Instructions to follow: What is needed is an exact retyping of each entry, pictures excluded.

Dataset records:

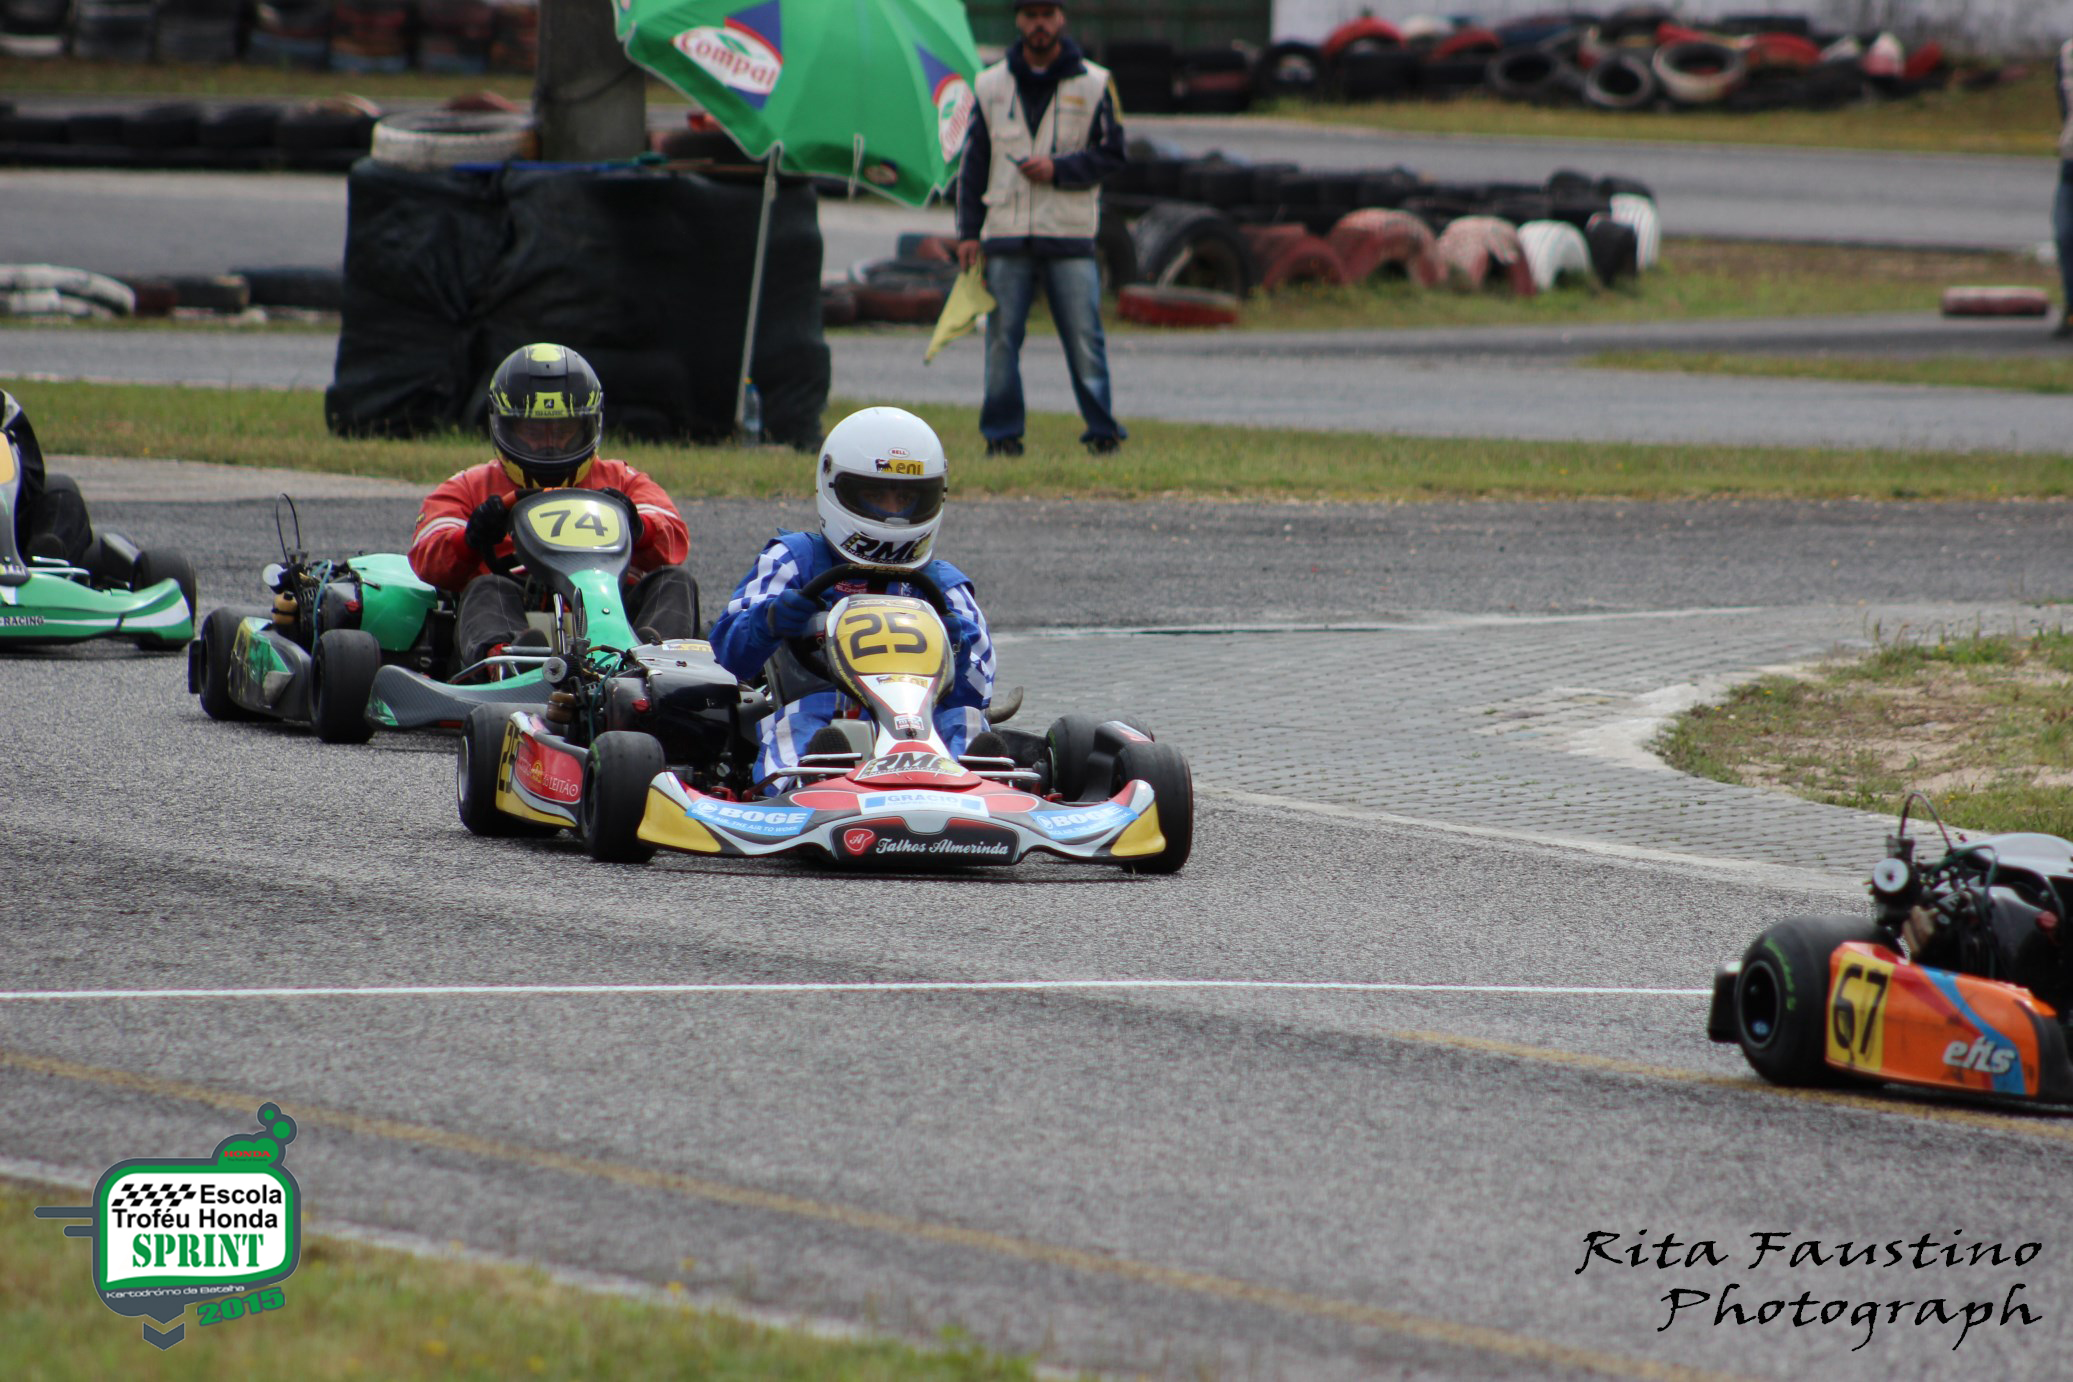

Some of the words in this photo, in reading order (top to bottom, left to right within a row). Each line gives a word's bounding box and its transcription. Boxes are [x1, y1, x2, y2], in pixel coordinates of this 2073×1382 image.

[680, 32, 777, 87] Compal
[896, 463, 921, 476] eni
[538, 509, 609, 538] 74
[844, 612, 928, 660] 25
[549, 778, 579, 797] LEITÃO
[718, 807, 808, 825] BOGE
[1050, 806, 1123, 827] BOGE
[876, 838, 926, 854] Talhos
[929, 839, 1009, 855] Almerinda
[1833, 963, 1888, 1055] 67
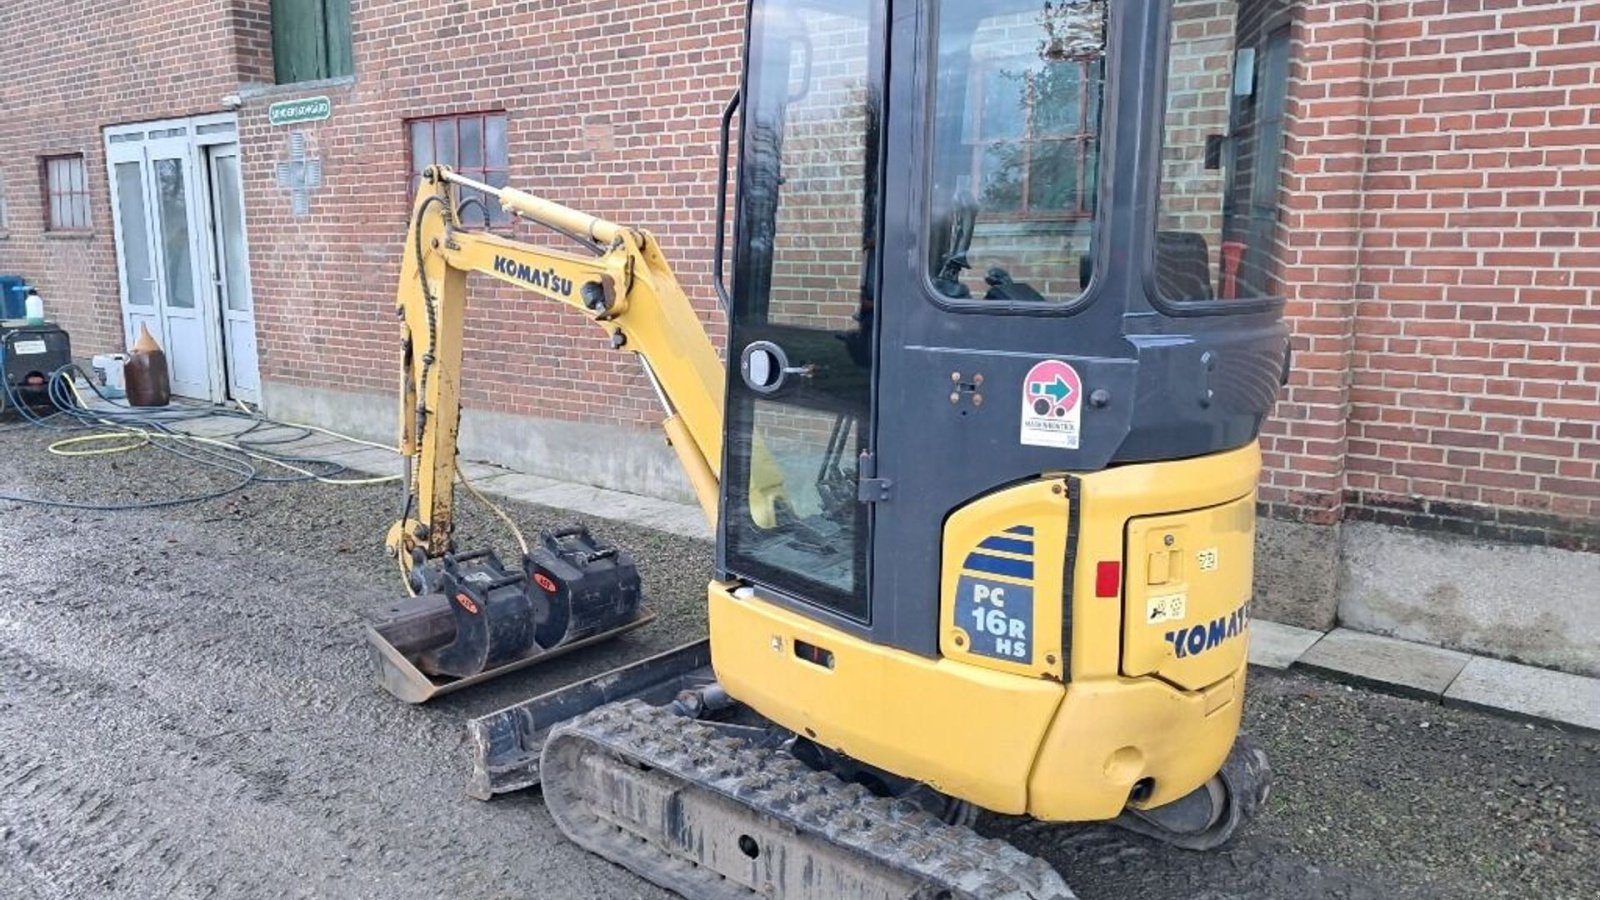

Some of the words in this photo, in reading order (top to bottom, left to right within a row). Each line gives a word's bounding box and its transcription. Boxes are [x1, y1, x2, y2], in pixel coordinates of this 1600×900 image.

[494, 254, 572, 296] KOMATSU
[973, 584, 1004, 607] PC
[971, 606, 1026, 640] 16R
[996, 637, 1026, 657] HS
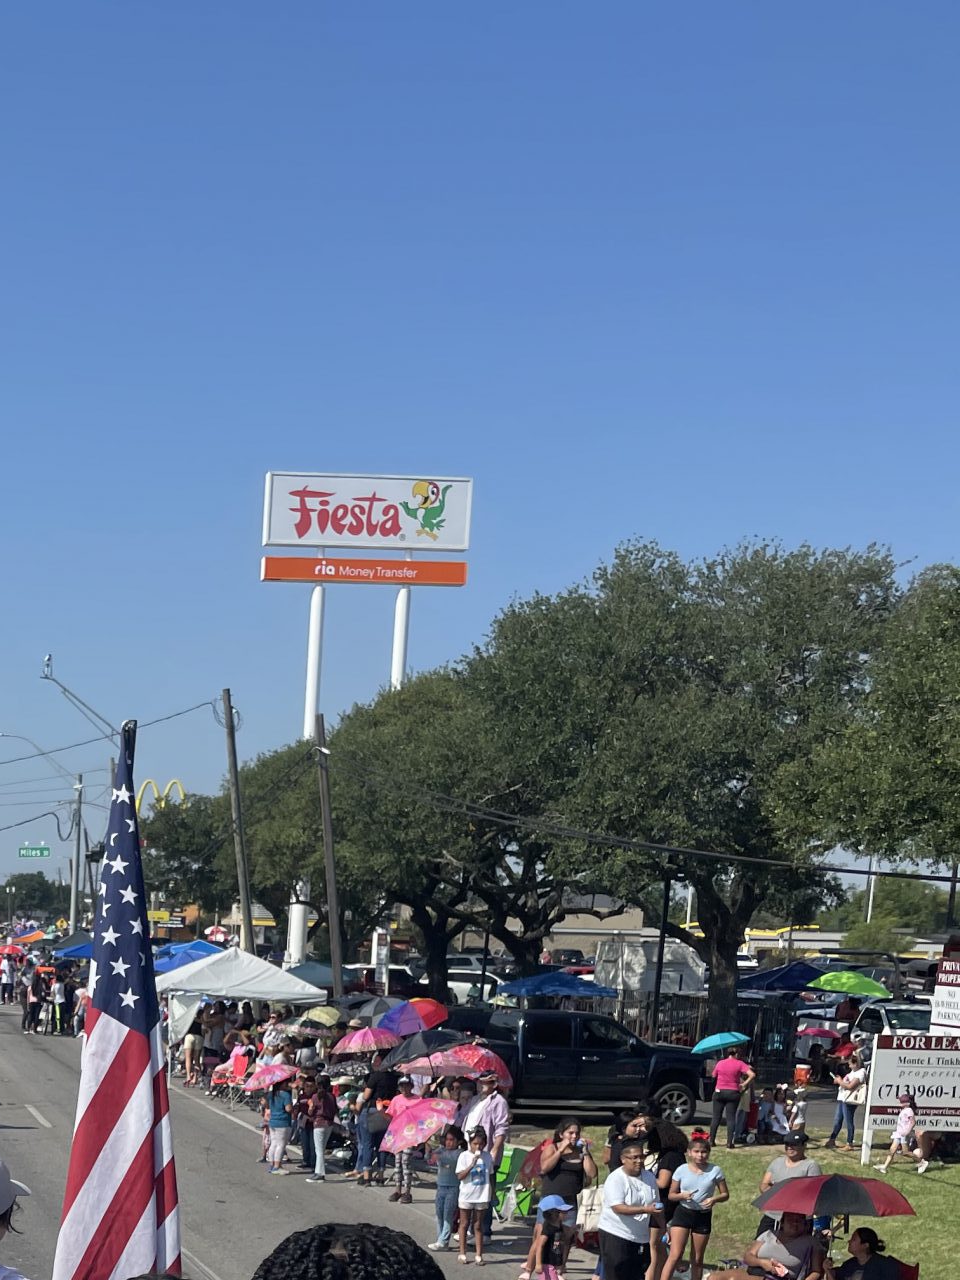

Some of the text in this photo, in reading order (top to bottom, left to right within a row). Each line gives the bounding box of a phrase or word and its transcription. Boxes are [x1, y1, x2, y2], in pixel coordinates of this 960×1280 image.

[288, 485, 402, 539] Fiesta
[314, 560, 418, 579] ria Money Transfer
[20, 849, 40, 857] Miles
[891, 1036, 926, 1049] FOR
[897, 1056, 925, 1065] Monte
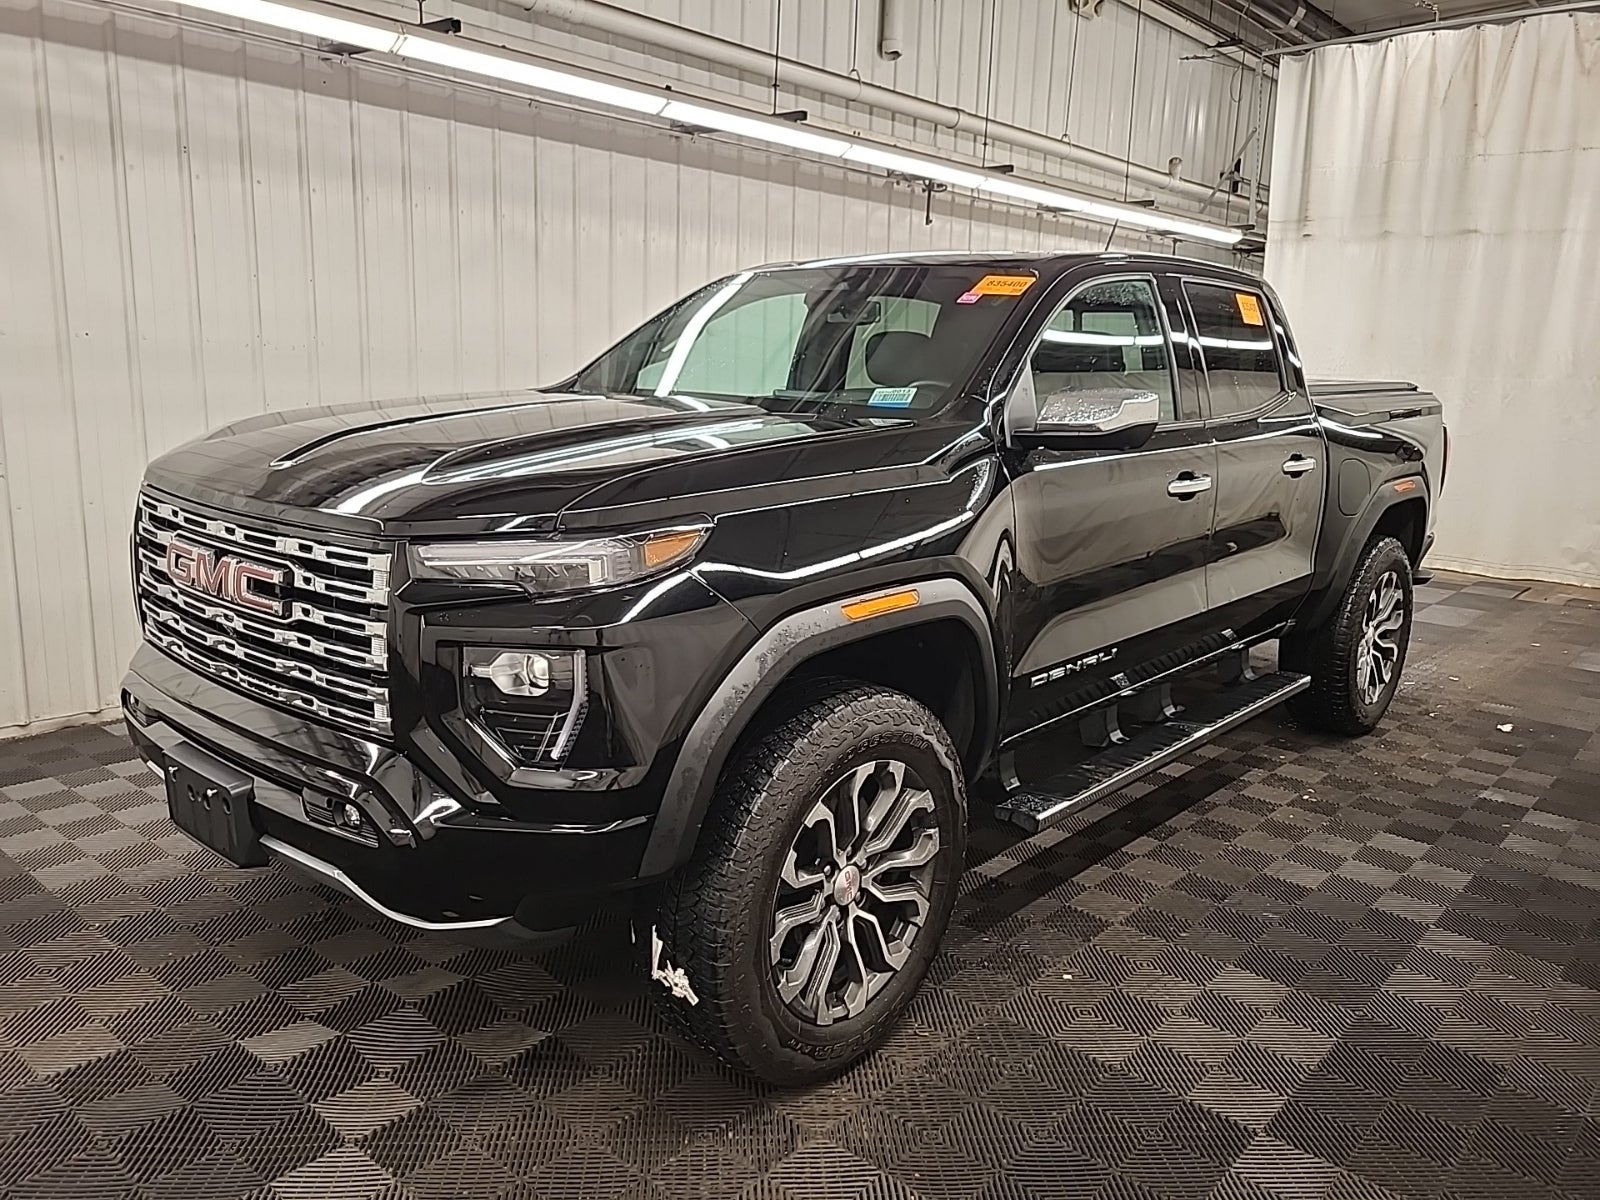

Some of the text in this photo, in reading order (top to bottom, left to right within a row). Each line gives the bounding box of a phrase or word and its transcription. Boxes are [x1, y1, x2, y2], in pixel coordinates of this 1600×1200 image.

[167, 541, 283, 616] GMC
[1030, 648, 1118, 689] DENALI
[844, 870, 853, 901] GMC

Written solution:
Some of the words in this photo, in reading order (top to bottom, left to right within a row). Each line gives a word's bounding box and its transcription. Boxes are [x1, y1, x2, y2], in pixel coordinates of this 2073×1382 image.

[680, 32, 777, 87] Compal
[896, 463, 921, 476] eni
[538, 509, 609, 538] 74
[844, 612, 928, 660] 25
[549, 778, 579, 797] LEITÃO
[718, 807, 808, 825] BOGE
[1050, 806, 1123, 827] BOGE
[876, 838, 926, 854] Talhos
[929, 839, 1009, 855] Almerinda
[1833, 963, 1888, 1055] 67

Some of the words in this photo, in reading order (top to bottom, left to right within a row). Each line gives a word's bounding box and its transcription. Boxes are [x1, y1, x2, y2], in pixel coordinates of this 1600×900 image.

[494, 254, 572, 296] KOMATSU
[973, 584, 1004, 607] PC
[971, 606, 1026, 640] 16R
[996, 637, 1026, 657] HS

Some of the text in this photo, in reading order (top to bottom, left to right within a row). Each line gives the bounding box of a phrase or word and its transcription. Boxes are [x1, y1, x2, y2], in pixel coordinates of this 960×1280 image.

[288, 485, 402, 539] Fiesta
[314, 560, 418, 579] ria Money Transfer
[20, 849, 40, 857] Miles
[891, 1036, 926, 1049] FOR
[897, 1056, 925, 1065] Monte

Some of the text in this photo, in reading order (top to bottom, left to right within a row). Each line gives the bounding box of a phrase or word and its transcription. Boxes are [x1, y1, x2, y2], in pixel coordinates of this 1600×1200 image.

[167, 541, 283, 616] GMC
[1030, 648, 1118, 689] DENALI
[844, 870, 853, 901] GMC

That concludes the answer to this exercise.